Transcribe the data exactly, omitting whatever pictures it holds.
START Task input
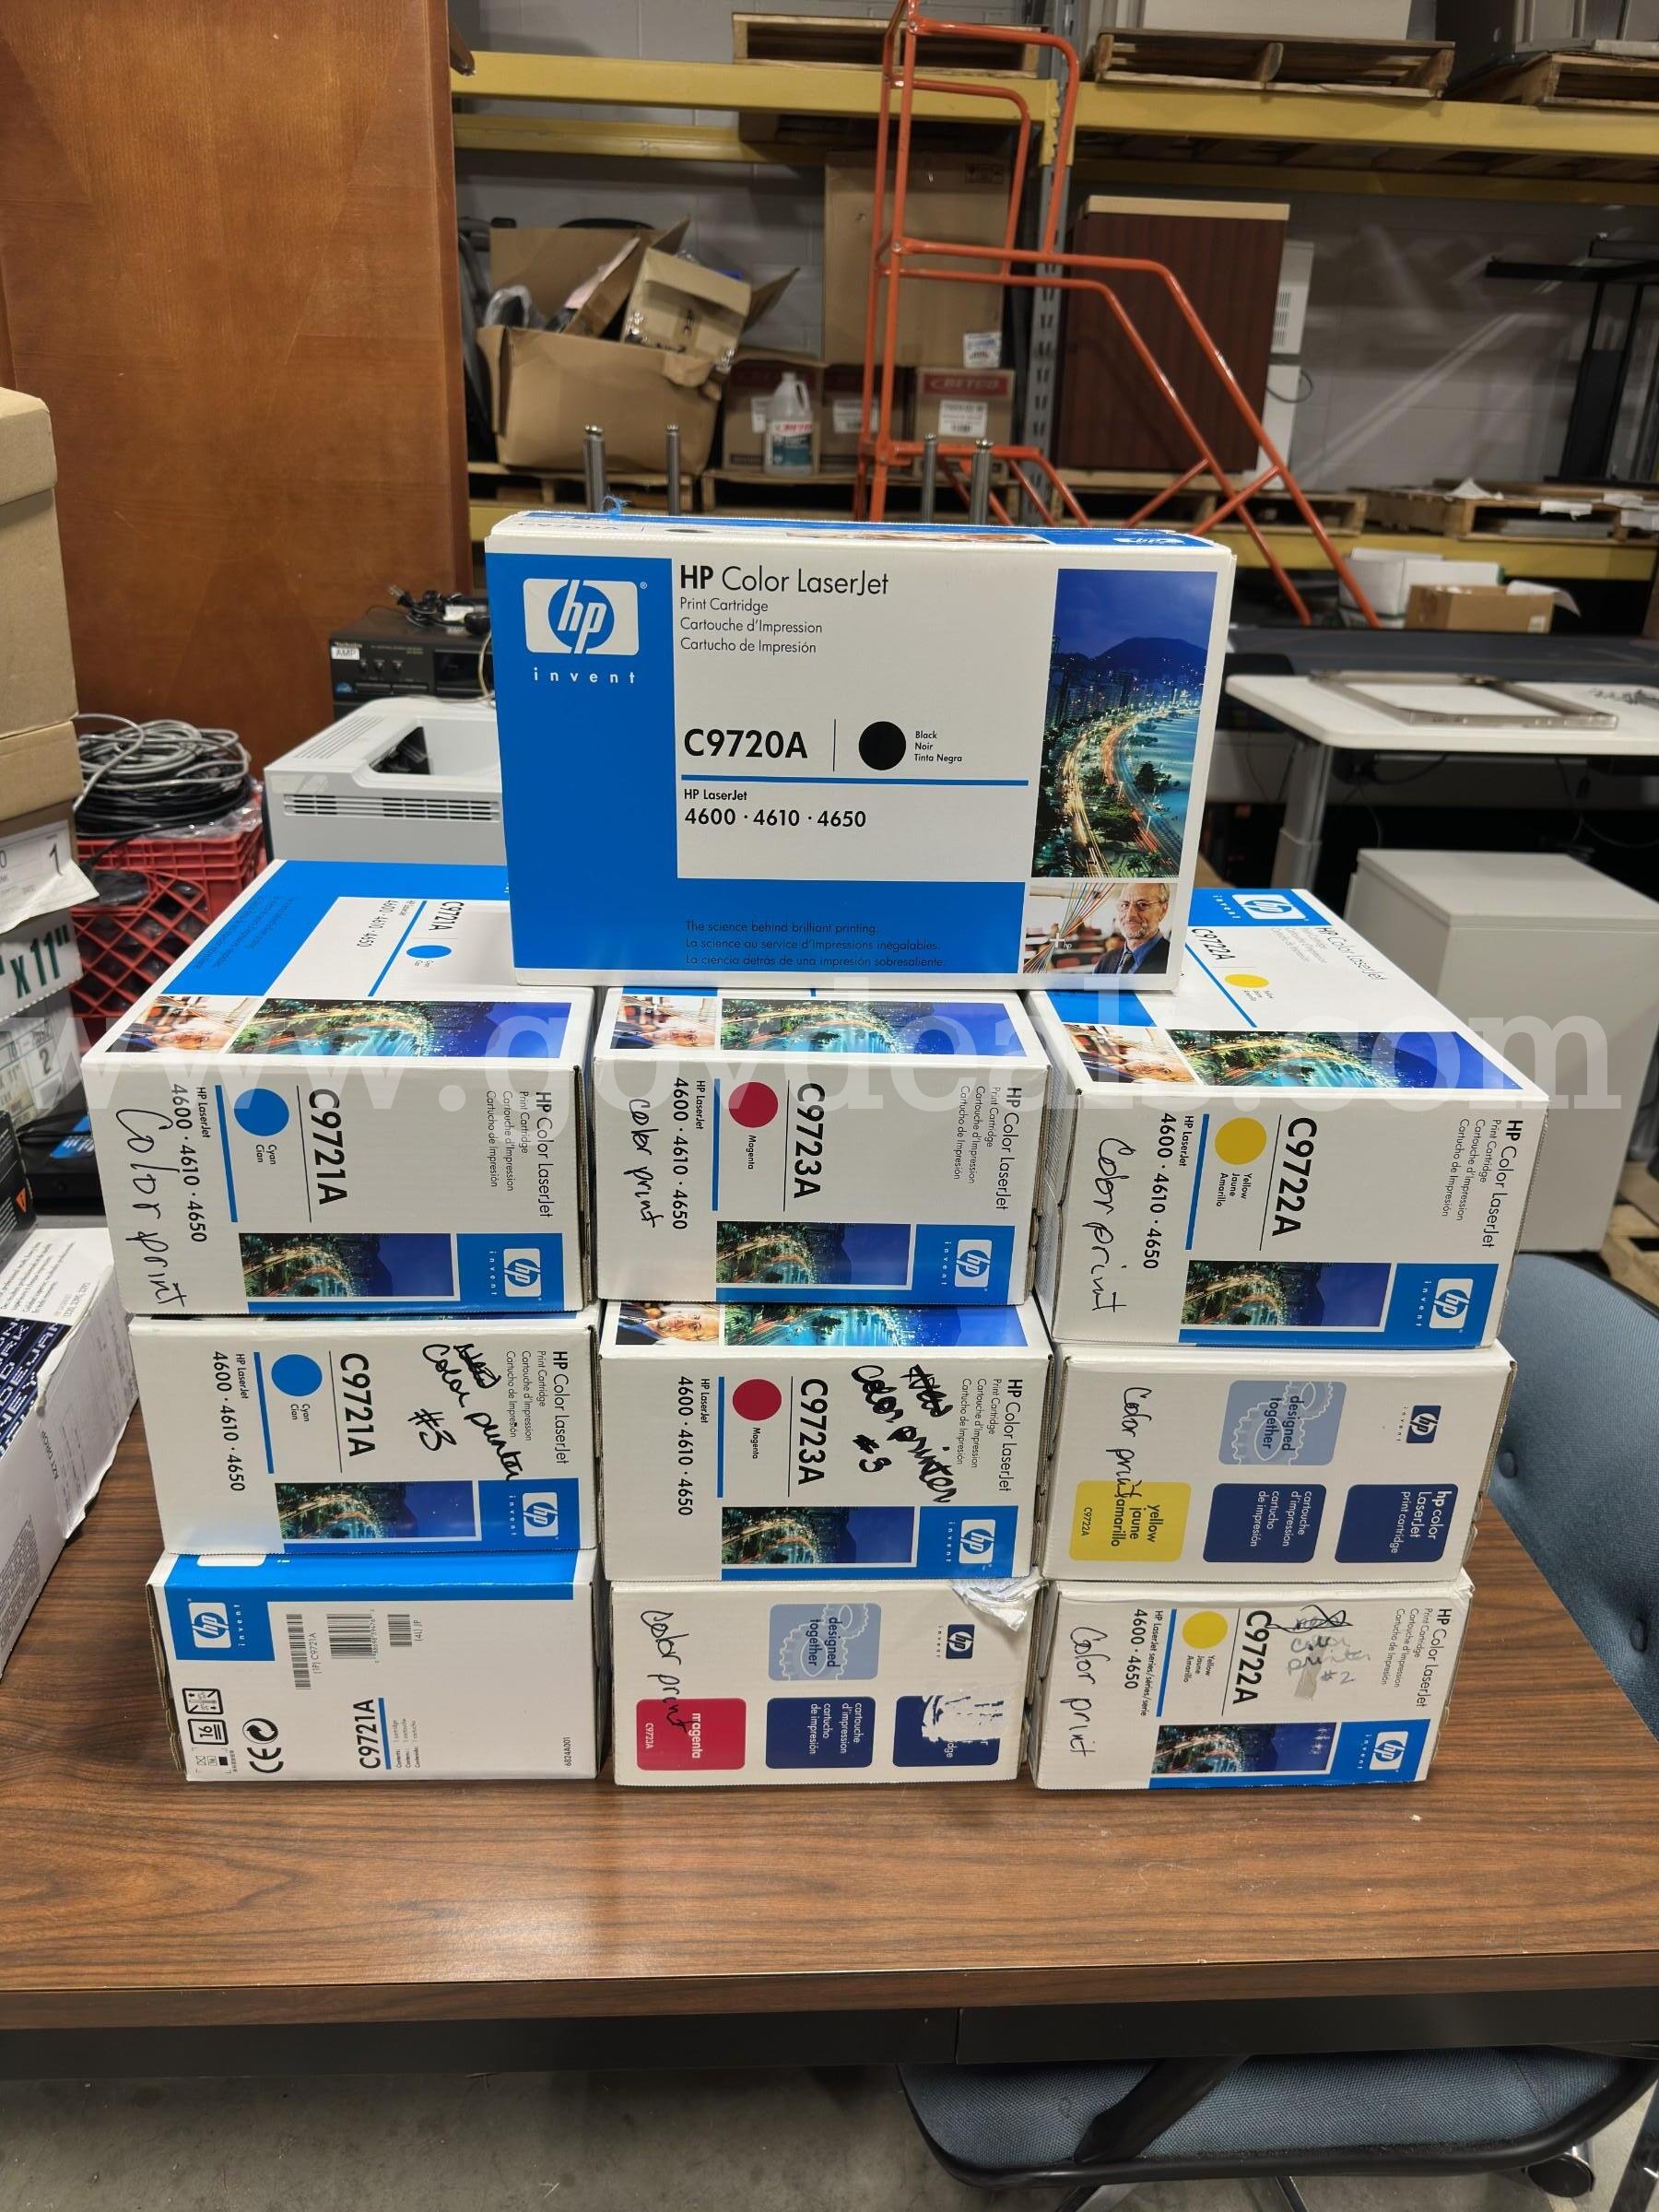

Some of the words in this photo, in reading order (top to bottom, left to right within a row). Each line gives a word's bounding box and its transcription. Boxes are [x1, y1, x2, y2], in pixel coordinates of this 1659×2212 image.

[681, 565, 713, 589] HP
[722, 565, 790, 592] Color
[798, 568, 888, 596] LaserJet
[680, 596, 706, 610] Print
[710, 597, 769, 616] Cartridge
[680, 617, 743, 631] Cartouche
[747, 618, 822, 636] d'Impression
[335, 648, 357, 657] AMP
[680, 637, 735, 651] Cartucho
[739, 638, 755, 652] de
[759, 640, 816, 655] Impresión
[534, 667, 635, 684] invent
[684, 728, 807, 759] C9720A
[915, 730, 937, 739] Black
[915, 742, 934, 750] Noir
[914, 753, 934, 761] Tinta
[936, 754, 962, 764] Negra
[684, 789, 700, 799] HP
[703, 789, 747, 801] LaserJet
[685, 808, 735, 825] 4600
[753, 809, 800, 826] 4610
[817, 810, 865, 827] 4650
[429, 901, 465, 931] C9721A
[686, 921, 704, 932] The
[708, 922, 747, 932] science
[751, 922, 788, 933] behind
[792, 923, 830, 934] brilliant
[1191, 928, 1236, 959] C9722A
[171, 1084, 193, 1129] 4600
[196, 1088, 207, 1100] HP
[535, 1092, 552, 1112] HP
[673, 1077, 688, 1121] 4600
[1006, 1088, 1022, 1108] HP
[198, 1102, 211, 1138] LaserJet
[536, 1117, 555, 1159] Color
[1002, 1112, 1019, 1153] Color
[1157, 1112, 1177, 1158] 4600
[1184, 1116, 1194, 1128] HP
[1489, 1120, 1502, 1138] Print
[1506, 1120, 1524, 1141] HP
[255, 1144, 265, 1162] Cian
[266, 1144, 277, 1165] Cyan
[309, 1089, 347, 1205] C9721A
[673, 1135, 688, 1175] 4610
[746, 1135, 757, 1170] Magenta
[794, 1083, 825, 1198] C9723A
[1179, 1132, 1193, 1167] LaserJet
[1453, 1119, 1470, 1159] Cartucho
[1467, 1119, 1486, 1165] Cartouche
[180, 1145, 200, 1185] 4610
[1272, 1118, 1317, 1236] C9722A
[1478, 1141, 1497, 1182] Cartridge
[1495, 1146, 1517, 1188] Color
[538, 1163, 555, 1218] LaserJet
[995, 1158, 1015, 1210] LaserJet
[1150, 1172, 1170, 1213] 4610
[1216, 1172, 1229, 1206] Amarillo
[1230, 1172, 1241, 1196] Jaune
[1241, 1173, 1253, 1199] Yellow
[1456, 1167, 1476, 1221] d'Impression
[187, 1200, 207, 1242] 4650
[673, 1189, 688, 1230] 4650
[1482, 1193, 1508, 1248] LaserJet
[1143, 1228, 1162, 1268] 4650
[489, 1251, 498, 1295] invent
[213, 1351, 232, 1392] 4600
[553, 1351, 568, 1370] HP
[340, 1353, 375, 1456] C9721A
[553, 1373, 571, 1411] Color
[678, 1376, 693, 1416] 4600
[1007, 1380, 1023, 1397] HP
[220, 1405, 239, 1441] 4610
[798, 1379, 829, 1485] C9723A
[1004, 1402, 1020, 1439] Color
[1262, 1396, 1282, 1450] together
[1281, 1395, 1305, 1452] designed
[555, 1415, 571, 1464] LaserJet
[678, 1430, 693, 1465] 4610
[750, 1428, 760, 1459] Magenta
[227, 1454, 245, 1491] 4650
[998, 1443, 1018, 1491] LaserJet
[678, 1478, 693, 1515] 4650
[1258, 1491, 1267, 1502] de
[1266, 1491, 1279, 1530] cartucho
[1297, 1491, 1312, 1535] cartouche
[1401, 1491, 1410, 1512] print
[1409, 1491, 1432, 1537] LaserJet
[1431, 1491, 1452, 1506] hp
[1080, 1506, 1093, 1536] C9722A
[1111, 1497, 1125, 1547] amarillo
[1130, 1506, 1146, 1540] jaune
[1147, 1504, 1164, 1543] yellow
[1282, 1491, 1298, 1547] d'impression
[1389, 1513, 1406, 1553] cartridge
[1428, 1509, 1444, 1539] color
[233, 1605, 245, 1646] invent
[1131, 1608, 1147, 1644] 4600
[1437, 1608, 1453, 1625] HP
[308, 1632, 319, 1660] C9721A
[807, 1618, 820, 1666] together
[827, 1617, 841, 1668] designed
[1232, 1610, 1273, 1704] C9722A
[1427, 1628, 1447, 1663] Color
[1124, 1655, 1142, 1688] 4650
[1183, 1655, 1194, 1683] Amarillo
[1205, 1655, 1216, 1677] Yellow
[1416, 1665, 1439, 1707] LaserJet
[198, 1725, 213, 1737] 16
[353, 1700, 381, 1769] C9721A
[688, 1713, 703, 1759] magenta
[840, 1703, 850, 1753] d'impression
[853, 1702, 865, 1743] cartouche
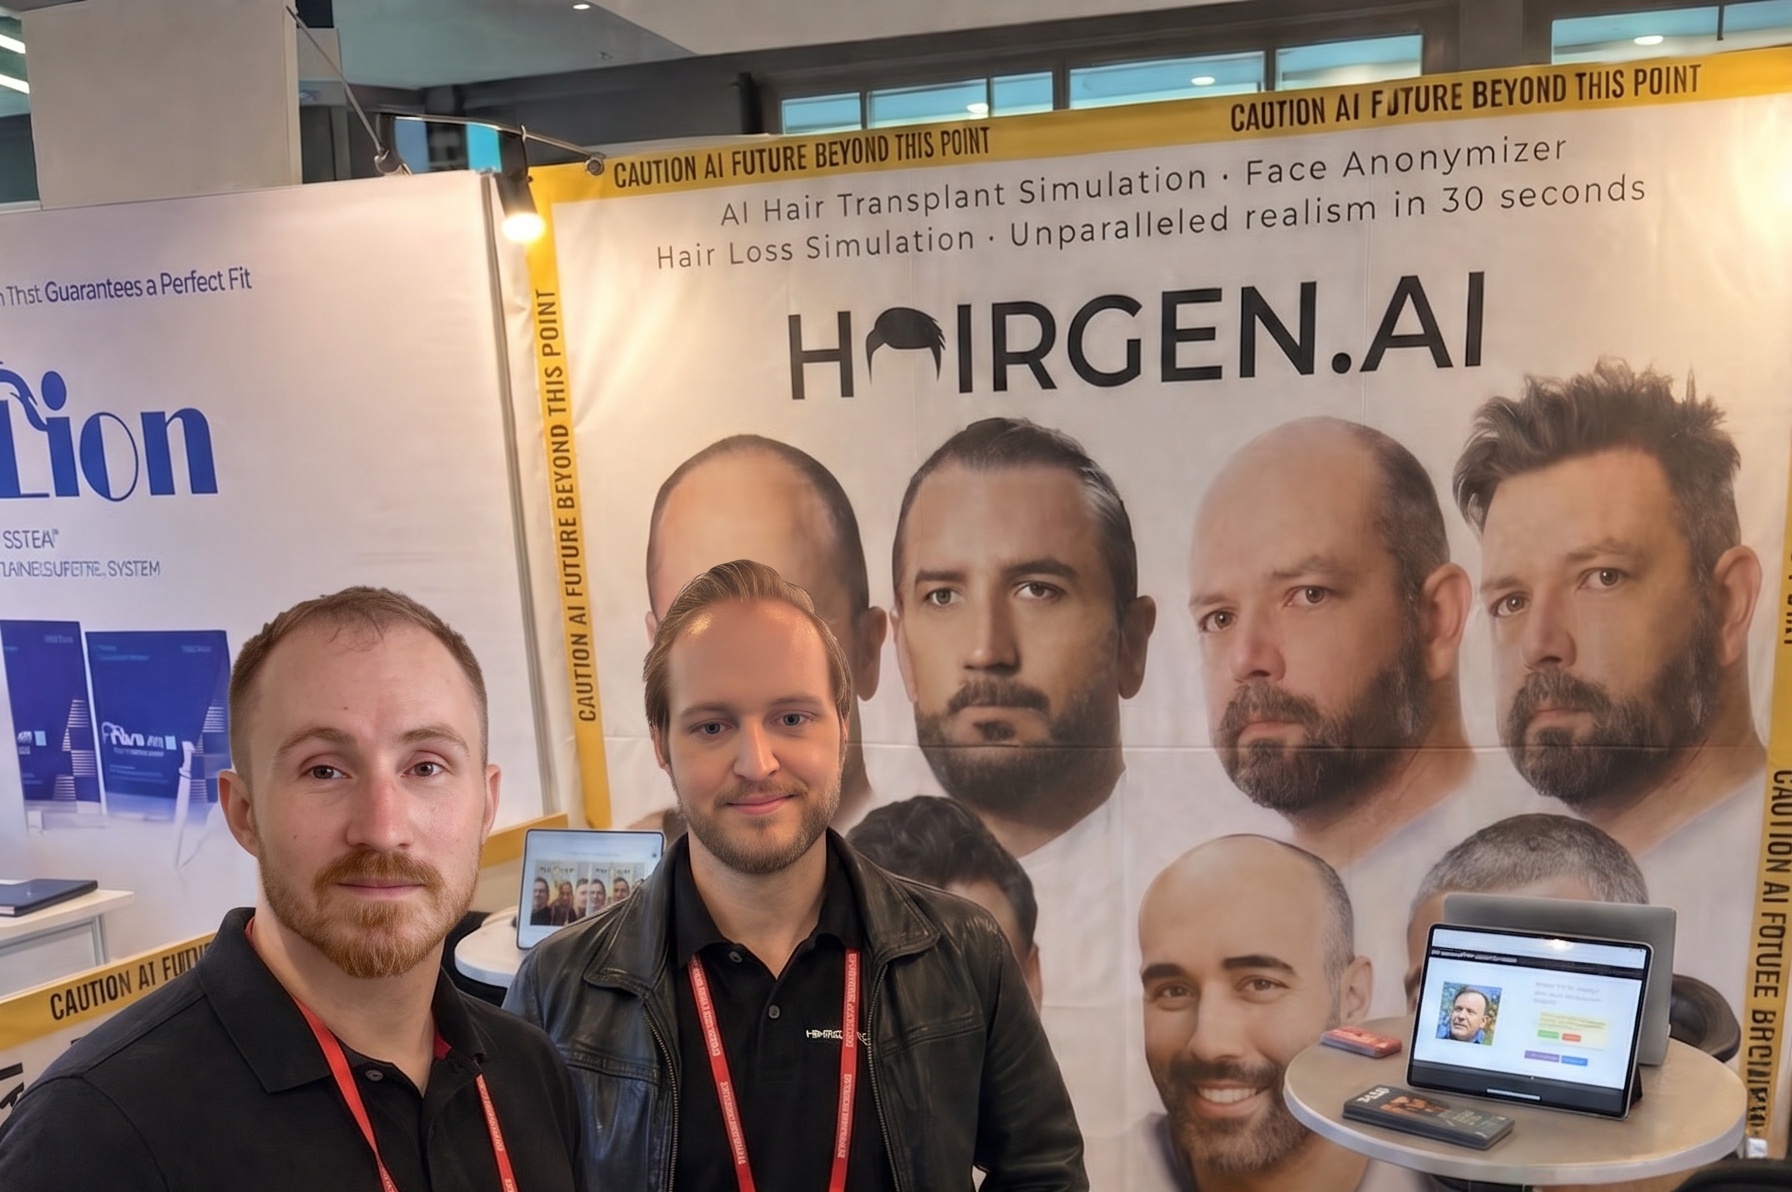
END Task input
-- Response --
Some of the words in this photo, in reading order (top to bottom, left to right within a row). Each line gives a word's bounding box and its transcription. Boxes are [x1, y1, x2, y2], in pixel coordinates of this 1659×2212 image.

[681, 565, 713, 589] HP
[722, 565, 790, 592] Color
[798, 568, 888, 596] LaserJet
[680, 596, 706, 610] Print
[710, 597, 769, 616] Cartridge
[680, 617, 743, 631] Cartouche
[747, 618, 822, 636] d'Impression
[335, 648, 357, 657] AMP
[680, 637, 735, 651] Cartucho
[739, 638, 755, 652] de
[759, 640, 816, 655] Impresión
[534, 667, 635, 684] invent
[684, 728, 807, 759] C9720A
[915, 730, 937, 739] Black
[915, 742, 934, 750] Noir
[914, 753, 934, 761] Tinta
[936, 754, 962, 764] Negra
[684, 789, 700, 799] HP
[703, 789, 747, 801] LaserJet
[685, 808, 735, 825] 4600
[753, 809, 800, 826] 4610
[817, 810, 865, 827] 4650
[429, 901, 465, 931] C9721A
[686, 921, 704, 932] The
[708, 922, 747, 932] science
[751, 922, 788, 933] behind
[792, 923, 830, 934] brilliant
[1191, 928, 1236, 959] C9722A
[171, 1084, 193, 1129] 4600
[196, 1088, 207, 1100] HP
[535, 1092, 552, 1112] HP
[673, 1077, 688, 1121] 4600
[1006, 1088, 1022, 1108] HP
[198, 1102, 211, 1138] LaserJet
[536, 1117, 555, 1159] Color
[1002, 1112, 1019, 1153] Color
[1157, 1112, 1177, 1158] 4600
[1184, 1116, 1194, 1128] HP
[1489, 1120, 1502, 1138] Print
[1506, 1120, 1524, 1141] HP
[255, 1144, 265, 1162] Cian
[266, 1144, 277, 1165] Cyan
[309, 1089, 347, 1205] C9721A
[673, 1135, 688, 1175] 4610
[746, 1135, 757, 1170] Magenta
[794, 1083, 825, 1198] C9723A
[1179, 1132, 1193, 1167] LaserJet
[1453, 1119, 1470, 1159] Cartucho
[1467, 1119, 1486, 1165] Cartouche
[180, 1145, 200, 1185] 4610
[1272, 1118, 1317, 1236] C9722A
[1478, 1141, 1497, 1182] Cartridge
[1495, 1146, 1517, 1188] Color
[538, 1163, 555, 1218] LaserJet
[995, 1158, 1015, 1210] LaserJet
[1150, 1172, 1170, 1213] 4610
[1216, 1172, 1229, 1206] Amarillo
[1230, 1172, 1241, 1196] Jaune
[1241, 1173, 1253, 1199] Yellow
[1456, 1167, 1476, 1221] d'Impression
[187, 1200, 207, 1242] 4650
[673, 1189, 688, 1230] 4650
[1482, 1193, 1508, 1248] LaserJet
[1143, 1228, 1162, 1268] 4650
[489, 1251, 498, 1295] invent
[213, 1351, 232, 1392] 4600
[553, 1351, 568, 1370] HP
[340, 1353, 375, 1456] C9721A
[553, 1373, 571, 1411] Color
[678, 1376, 693, 1416] 4600
[1007, 1380, 1023, 1397] HP
[220, 1405, 239, 1441] 4610
[798, 1379, 829, 1485] C9723A
[1004, 1402, 1020, 1439] Color
[1262, 1396, 1282, 1450] together
[1281, 1395, 1305, 1452] designed
[555, 1415, 571, 1464] LaserJet
[678, 1430, 693, 1465] 4610
[750, 1428, 760, 1459] Magenta
[227, 1454, 245, 1491] 4650
[998, 1443, 1018, 1491] LaserJet
[678, 1478, 693, 1515] 4650
[1258, 1491, 1267, 1502] de
[1266, 1491, 1279, 1530] cartucho
[1297, 1491, 1312, 1535] cartouche
[1401, 1491, 1410, 1512] print
[1409, 1491, 1432, 1537] LaserJet
[1431, 1491, 1452, 1506] hp
[1080, 1506, 1093, 1536] C9722A
[1111, 1497, 1125, 1547] amarillo
[1130, 1506, 1146, 1540] jaune
[1147, 1504, 1164, 1543] yellow
[1282, 1491, 1298, 1547] d'impression
[1389, 1513, 1406, 1553] cartridge
[1428, 1509, 1444, 1539] color
[233, 1605, 245, 1646] invent
[1131, 1608, 1147, 1644] 4600
[1437, 1608, 1453, 1625] HP
[308, 1632, 319, 1660] C9721A
[807, 1618, 820, 1666] together
[827, 1617, 841, 1668] designed
[1232, 1610, 1273, 1704] C9722A
[1427, 1628, 1447, 1663] Color
[1124, 1655, 1142, 1688] 4650
[1183, 1655, 1194, 1683] Amarillo
[1205, 1655, 1216, 1677] Yellow
[1416, 1665, 1439, 1707] LaserJet
[198, 1725, 213, 1737] 16
[353, 1700, 381, 1769] C9721A
[688, 1713, 703, 1759] magenta
[840, 1703, 850, 1753] d'impression
[853, 1702, 865, 1743] cartouche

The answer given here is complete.